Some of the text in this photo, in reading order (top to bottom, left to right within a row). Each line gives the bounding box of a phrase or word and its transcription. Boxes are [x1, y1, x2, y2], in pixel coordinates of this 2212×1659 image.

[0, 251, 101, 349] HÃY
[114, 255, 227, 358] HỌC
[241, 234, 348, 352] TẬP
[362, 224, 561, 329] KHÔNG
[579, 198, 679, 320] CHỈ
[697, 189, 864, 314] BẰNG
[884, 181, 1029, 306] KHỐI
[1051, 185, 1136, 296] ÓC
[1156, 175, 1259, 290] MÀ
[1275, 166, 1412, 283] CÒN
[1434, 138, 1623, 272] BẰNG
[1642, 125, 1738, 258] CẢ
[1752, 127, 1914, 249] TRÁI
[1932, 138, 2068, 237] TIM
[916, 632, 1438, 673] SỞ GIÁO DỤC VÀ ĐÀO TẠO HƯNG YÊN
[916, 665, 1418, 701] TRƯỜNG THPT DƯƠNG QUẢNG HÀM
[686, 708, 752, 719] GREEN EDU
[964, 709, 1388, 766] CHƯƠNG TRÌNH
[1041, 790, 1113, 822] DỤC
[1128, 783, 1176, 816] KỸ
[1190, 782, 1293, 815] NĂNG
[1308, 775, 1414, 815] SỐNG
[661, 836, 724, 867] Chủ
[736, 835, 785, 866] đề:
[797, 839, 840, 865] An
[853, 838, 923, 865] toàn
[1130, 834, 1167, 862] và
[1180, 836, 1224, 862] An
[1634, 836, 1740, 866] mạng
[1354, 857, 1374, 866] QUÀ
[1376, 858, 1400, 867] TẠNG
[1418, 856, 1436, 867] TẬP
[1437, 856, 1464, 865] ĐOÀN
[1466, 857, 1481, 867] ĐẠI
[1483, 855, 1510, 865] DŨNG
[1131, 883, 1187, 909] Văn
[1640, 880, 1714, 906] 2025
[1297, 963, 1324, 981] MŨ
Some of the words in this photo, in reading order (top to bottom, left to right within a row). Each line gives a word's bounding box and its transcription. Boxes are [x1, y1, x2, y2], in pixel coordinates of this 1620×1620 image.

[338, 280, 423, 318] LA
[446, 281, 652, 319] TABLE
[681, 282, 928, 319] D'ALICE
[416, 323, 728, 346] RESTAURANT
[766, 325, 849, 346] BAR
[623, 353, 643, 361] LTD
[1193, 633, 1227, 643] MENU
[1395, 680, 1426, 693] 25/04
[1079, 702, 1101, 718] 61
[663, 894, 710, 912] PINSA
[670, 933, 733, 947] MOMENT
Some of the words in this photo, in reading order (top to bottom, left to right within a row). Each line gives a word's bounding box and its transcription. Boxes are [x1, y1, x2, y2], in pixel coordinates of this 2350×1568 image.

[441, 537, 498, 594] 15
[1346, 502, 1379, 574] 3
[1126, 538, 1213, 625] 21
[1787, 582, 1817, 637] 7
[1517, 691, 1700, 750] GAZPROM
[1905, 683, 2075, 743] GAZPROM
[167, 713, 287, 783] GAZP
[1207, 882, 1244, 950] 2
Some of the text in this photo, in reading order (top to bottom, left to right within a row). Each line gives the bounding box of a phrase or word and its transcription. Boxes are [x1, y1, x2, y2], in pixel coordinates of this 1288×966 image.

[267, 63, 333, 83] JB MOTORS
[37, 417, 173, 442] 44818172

• **Problem**:
After reading the data above, return it verbatim in full.

• **Output below**:
Some of the text in this photo, in reading order (top to bottom, left to right within a row). Each line gives the bounding box of a phrase or word and its transcription. Boxes are [x1, y1, x2, y2], in pixel coordinates of this 2212×1659 image.

[0, 251, 101, 349] HÃY
[114, 255, 227, 358] HỌC
[241, 234, 348, 352] TẬP
[362, 224, 561, 329] KHÔNG
[579, 198, 679, 320] CHỈ
[697, 189, 864, 314] BẰNG
[884, 181, 1029, 306] KHỐI
[1051, 185, 1136, 296] ÓC
[1156, 175, 1259, 290] MÀ
[1275, 166, 1412, 283] CÒN
[1434, 138, 1623, 272] BẰNG
[1642, 125, 1738, 258] CẢ
[1752, 127, 1914, 249] TRÁI
[1932, 138, 2068, 237] TIM
[916, 632, 1438, 673] SỞ GIÁO DỤC VÀ ĐÀO TẠO HƯNG YÊN
[916, 665, 1418, 701] TRƯỜNG THPT DƯƠNG QUẢNG HÀM
[686, 708, 752, 719] GREEN EDU
[964, 709, 1388, 766] CHƯƠNG TRÌNH
[1041, 790, 1113, 822] DỤC
[1128, 783, 1176, 816] KỸ
[1190, 782, 1293, 815] NĂNG
[1308, 775, 1414, 815] SỐNG
[661, 836, 724, 867] Chủ
[736, 835, 785, 866] đề:
[797, 839, 840, 865] An
[853, 838, 923, 865] toàn
[1130, 834, 1167, 862] và
[1180, 836, 1224, 862] An
[1634, 836, 1740, 866] mạng
[1354, 857, 1374, 866] QUÀ
[1376, 858, 1400, 867] TẠNG
[1418, 856, 1436, 867] TẬP
[1437, 856, 1464, 865] ĐOÀN
[1466, 857, 1481, 867] ĐẠI
[1483, 855, 1510, 865] DŨNG
[1131, 883, 1187, 909] Văn
[1640, 880, 1714, 906] 2025
[1297, 963, 1324, 981] MŨ
Some of the words in this photo, in reading order (top to bottom, left to right within a row). Each line gives a word's bounding box and its transcription. Boxes are [x1, y1, x2, y2], in pixel coordinates of this 1620×1620 image.

[338, 280, 423, 318] LA
[446, 281, 652, 319] TABLE
[681, 282, 928, 319] D'ALICE
[416, 323, 728, 346] RESTAURANT
[766, 325, 849, 346] BAR
[623, 353, 643, 361] LTD
[1193, 633, 1227, 643] MENU
[1395, 680, 1426, 693] 25/04
[1079, 702, 1101, 718] 61
[663, 894, 710, 912] PINSA
[670, 933, 733, 947] MOMENT
Some of the words in this photo, in reading order (top to bottom, left to right within a row). Each line gives a word's bounding box and its transcription. Boxes are [x1, y1, x2, y2], in pixel coordinates of this 2350×1568 image.

[441, 537, 498, 594] 15
[1346, 502, 1379, 574] 3
[1126, 538, 1213, 625] 21
[1787, 582, 1817, 637] 7
[1517, 691, 1700, 750] GAZPROM
[1905, 683, 2075, 743] GAZPROM
[167, 713, 287, 783] GAZP
[1207, 882, 1244, 950] 2
Some of the text in this photo, in reading order (top to bottom, left to right within a row). Each line gives the bounding box of a phrase or word and its transcription. Boxes are [x1, y1, x2, y2], in pixel coordinates of this 1288×966 image.

[267, 63, 333, 83] JB MOTORS
[37, 417, 173, 442] 44818172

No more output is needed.